好在有村长家的三斤半,和赵大娘家的两斤半,还有几个族老家,也都出了两斤。
这才让许温酒的礼,不呢么显眼。
众人都只当她发现柿子林早几天,自己采够了才报给村里,家里口粮多些,也是正常的。
送完丧仪,许温酒也带着几个孩子回了家。
今天的晚餐格外丰盛,喷香的鸡汤煮了芋头和蘑菇,上面飘着油花,看着就让人流口水。
一海碗野菜鸡蛋杂面饼,一个凉拌野菜。
这么好的伙食,一家人的餐桌上,却是异常安静。
大家都安静而虔诚的扒着饭,谁都没有笑闹的心思。
吃完后,天色还没完全暗下去,许温酒站起身道:“铁山,你跟我去一趟村长家。”
赵铁山知道要说什么事,立马起身跟着去了。
这个时间,是村里人一天中最悠闲的时间,吃完饭的妇人们凑在门口闲扯,男人们聚集在晒谷场的大树底下吹牛侃大山。

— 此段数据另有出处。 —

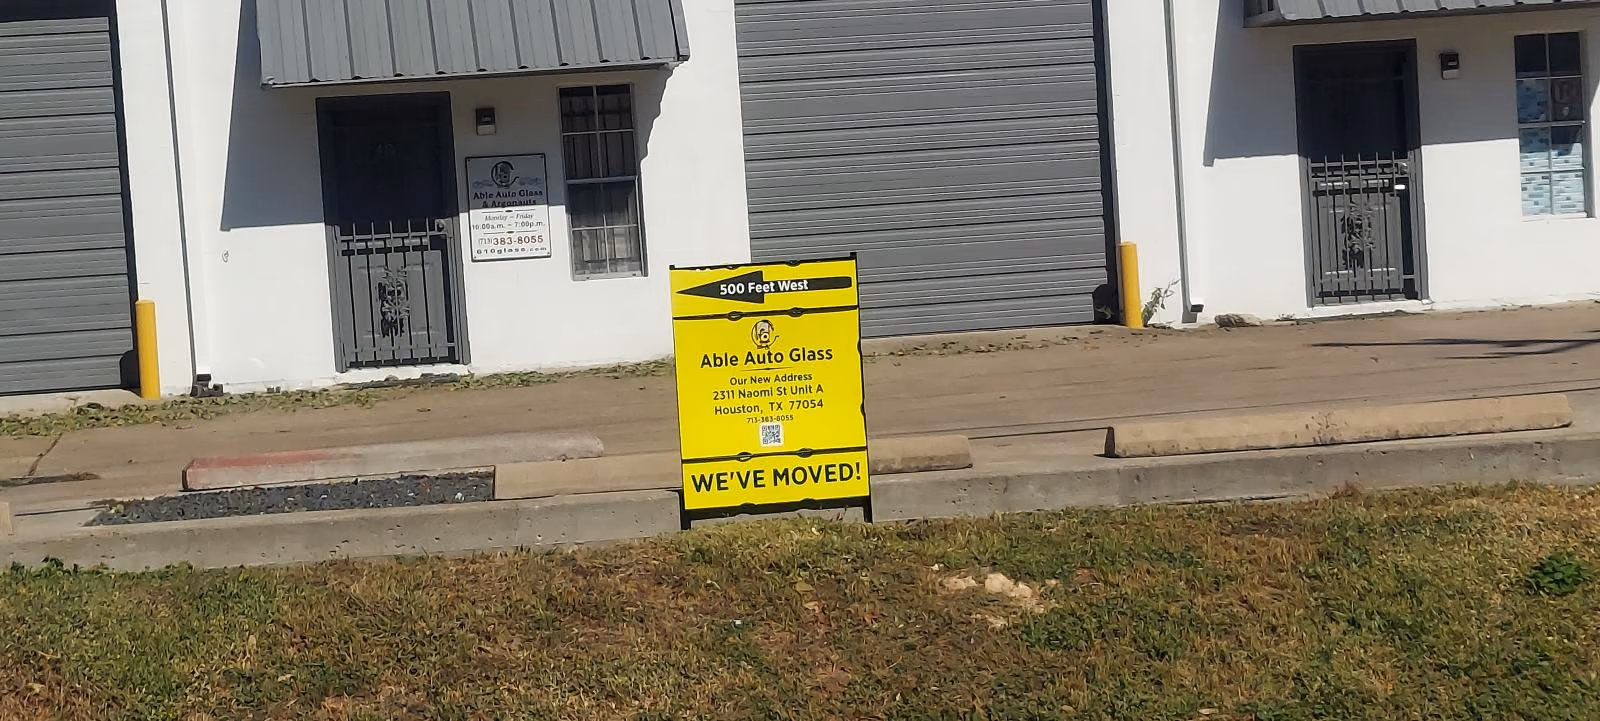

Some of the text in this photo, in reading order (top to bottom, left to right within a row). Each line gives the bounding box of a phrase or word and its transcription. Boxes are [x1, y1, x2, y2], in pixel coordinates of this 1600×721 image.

[474, 192, 494, 200] Able
[519, 189, 543, 197] Glass
[492, 200, 537, 208] Argonauts
[720, 280, 808, 295] 500 Feet West
[700, 348, 833, 368] Able Auto Glass
[730, 373, 812, 386] Our New Address
[713, 384, 824, 400] 2311 Naomi St Unit A
[714, 399, 824, 415] Houston, TX 77054
[692, 462, 861, 492] WE'VE MOVED!
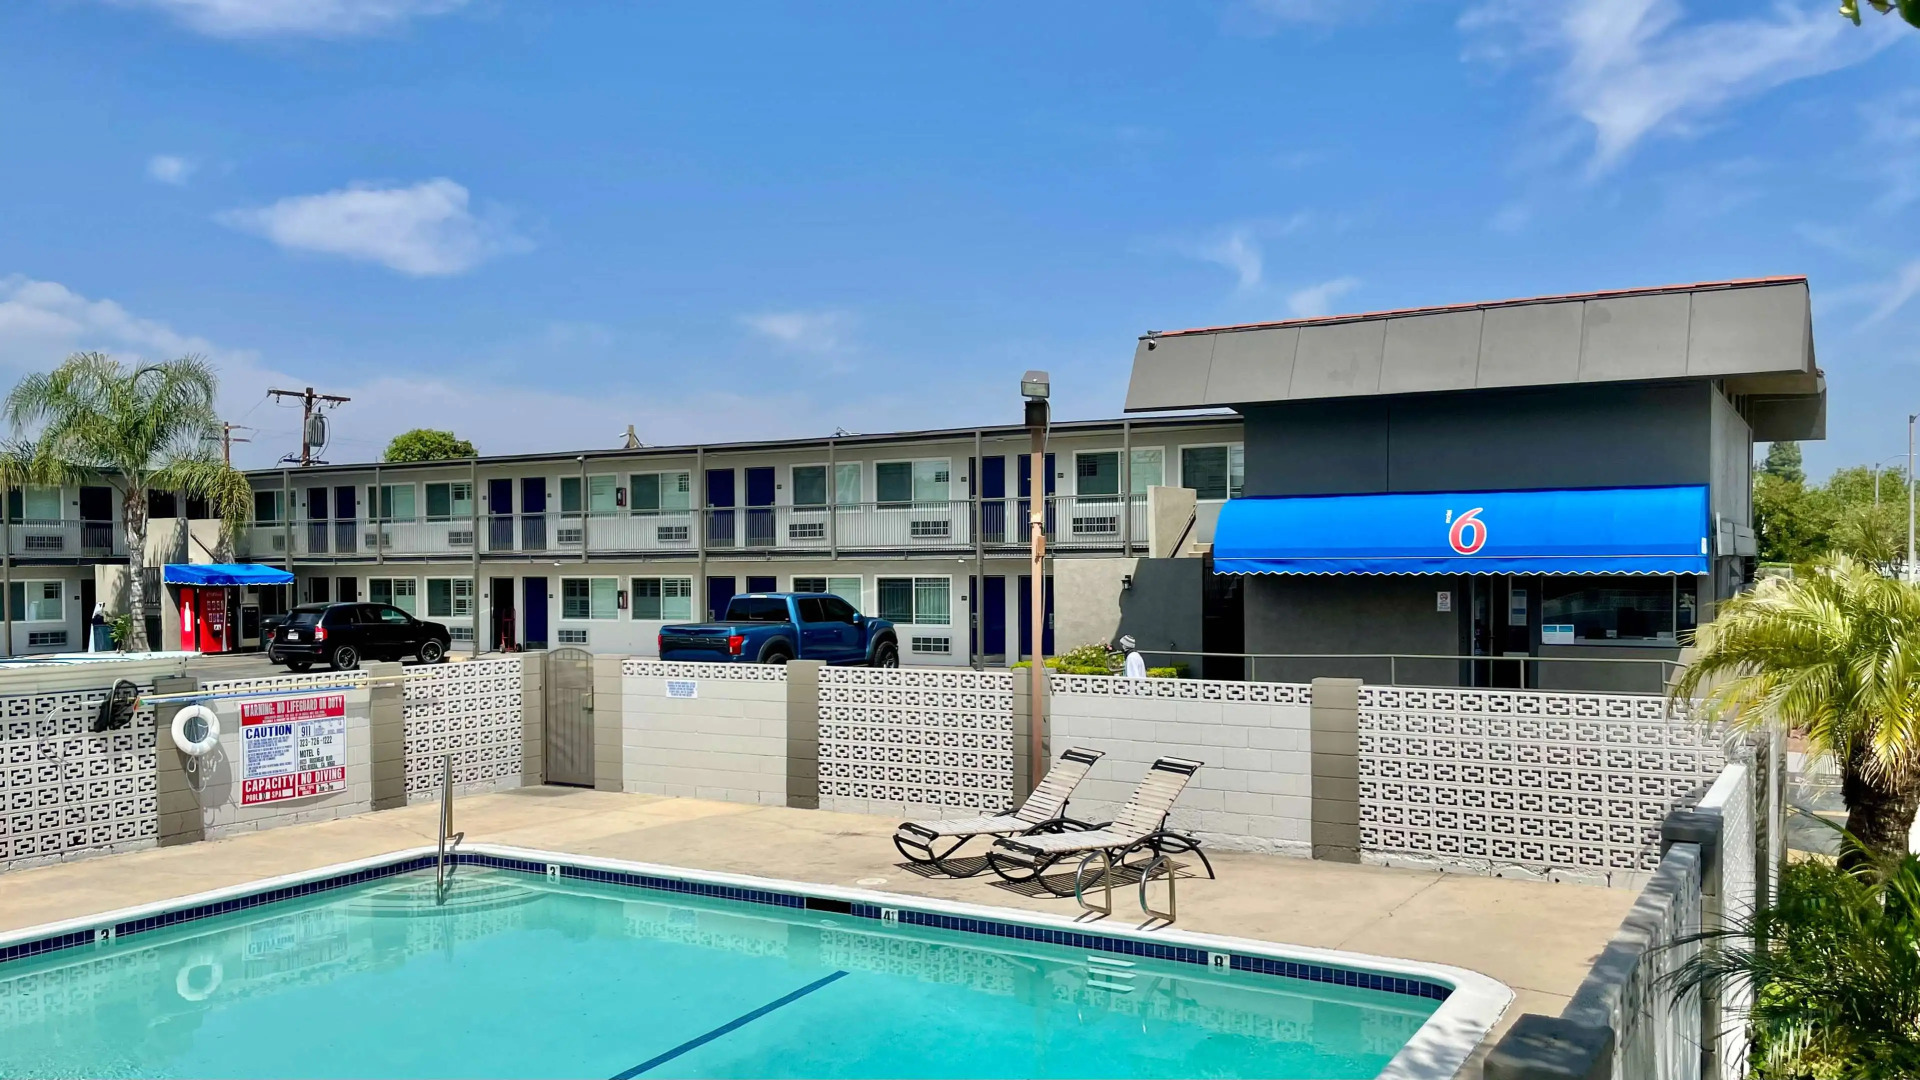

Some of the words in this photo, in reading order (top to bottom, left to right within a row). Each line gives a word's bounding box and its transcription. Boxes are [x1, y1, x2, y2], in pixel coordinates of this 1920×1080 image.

[1449, 507, 1487, 555] 6
[243, 703, 275, 718] WARNING:
[277, 702, 286, 714] NO
[287, 698, 318, 713] LIFEGUARD
[318, 697, 327, 710] ON
[327, 695, 343, 709] DUTY
[245, 724, 292, 739] CAUTION
[301, 725, 311, 737] 911
[299, 749, 314, 758] MOTEL
[316, 748, 320, 756] 6
[245, 774, 295, 793] CAPACITY
[301, 772, 312, 785] NO
[315, 768, 342, 782] DIVING
[245, 794, 259, 803] POOL
[271, 791, 282, 799] SPA

孩子们在村子里嬉戏打闹,晚风吹来,满村都飘荡着孩童银铃般的笑声。
好像一切的苦难都不存在,美好的像一副画卷。
可当村北刘阿婆家的白帆在空中扬起,嘹亮哀戚的唢呐声响起的时候,所有的沉重就都回来了。
只要一天不下雨,这样的事就会不断的发生。
“这见鬼的天气。”
许温酒暗骂一声,明明大峪沟村地处南方,虽然里鱼米江南远了些,可近百年来都是洪涝和虫害,什么时候有过旱灾。
真是见鬼。
许温酒骂骂咧咧的走进村长家院子,几个瘦巴巴的孩子坐在院子里洗陶罐。
村长老伴正在洗野菜,看到许温酒过来,有些惊讶:
“月娥娘咋来了?”
许温酒扯起一抹笑道:“我来找村长叔,说点事,大娘这是腌咸菜呢?”
“是啊,今年这年景,不多腌一点野菜存着,我都担心过不了这个冬天。”
村长老伴捞起一把野菜拧干水,摊在身旁的簸萁上,甩了甩手上的水珠。
“你村长叔在里头呢,昨晚一宿没睡,大半夜坐在田埂头看天象,真是要命.......这贼老天,什么时候是个头。”